*Task to complete:* Retype every entry below without pictures.

[Annotated photo localization data]

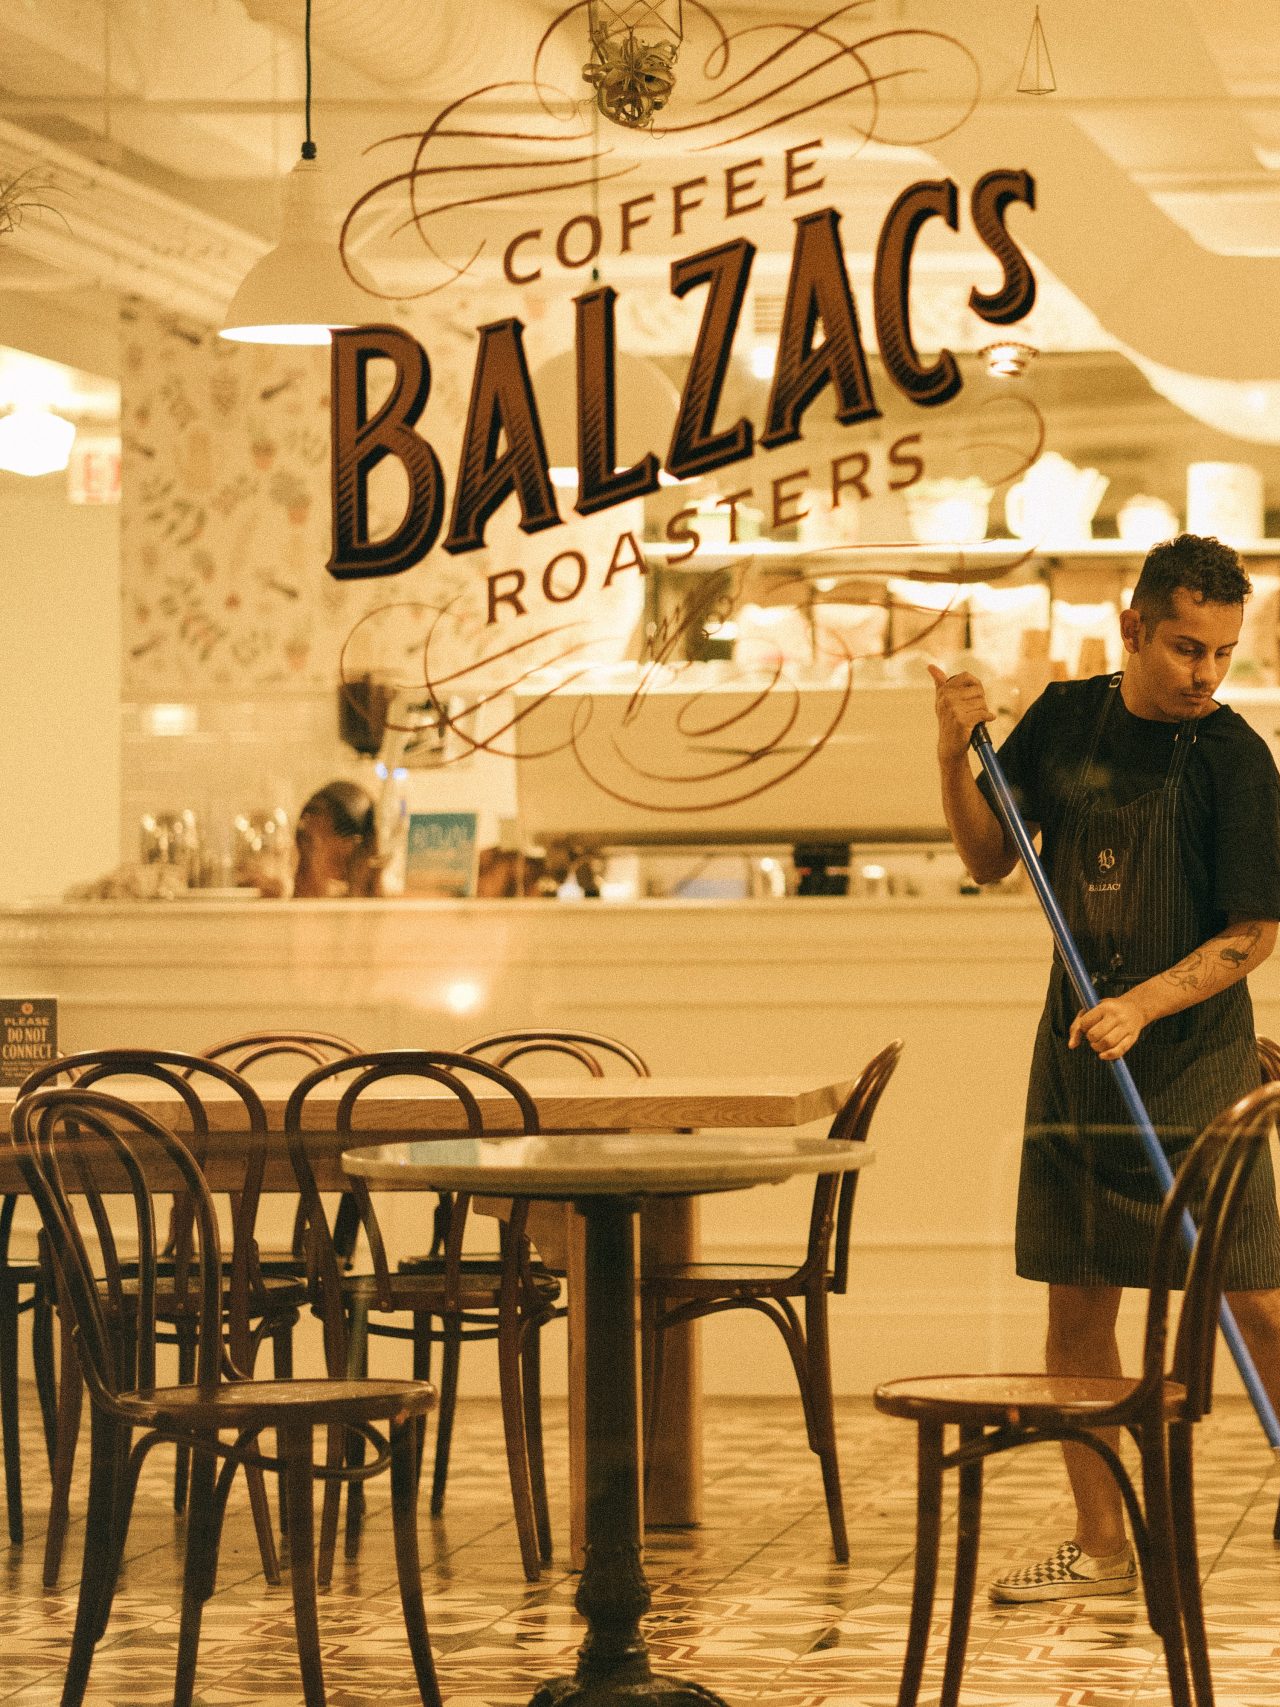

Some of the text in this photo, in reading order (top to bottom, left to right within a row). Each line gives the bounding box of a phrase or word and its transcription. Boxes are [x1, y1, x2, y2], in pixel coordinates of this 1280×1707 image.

[503, 139, 828, 286] COFFEE
[325, 168, 1037, 581] BALZACS
[486, 433, 926, 626] ROASTERS
[2, 1044, 52, 1059] CONNECT
[4, 1017, 49, 1026] PLEASE
[7, 1027, 47, 1043] DO NOT

*Response to this task:*
Some of the text in this photo, in reading order (top to bottom, left to right within a row). Each line gives the bounding box of a phrase or word and its transcription. Boxes are [x1, y1, x2, y2], in pixel coordinates of this 1280×1707 image.

[503, 139, 828, 286] COFFEE
[325, 168, 1037, 581] BALZACS
[486, 433, 926, 626] ROASTERS
[2, 1044, 52, 1059] CONNECT
[4, 1017, 49, 1026] PLEASE
[7, 1027, 47, 1043] DO NOT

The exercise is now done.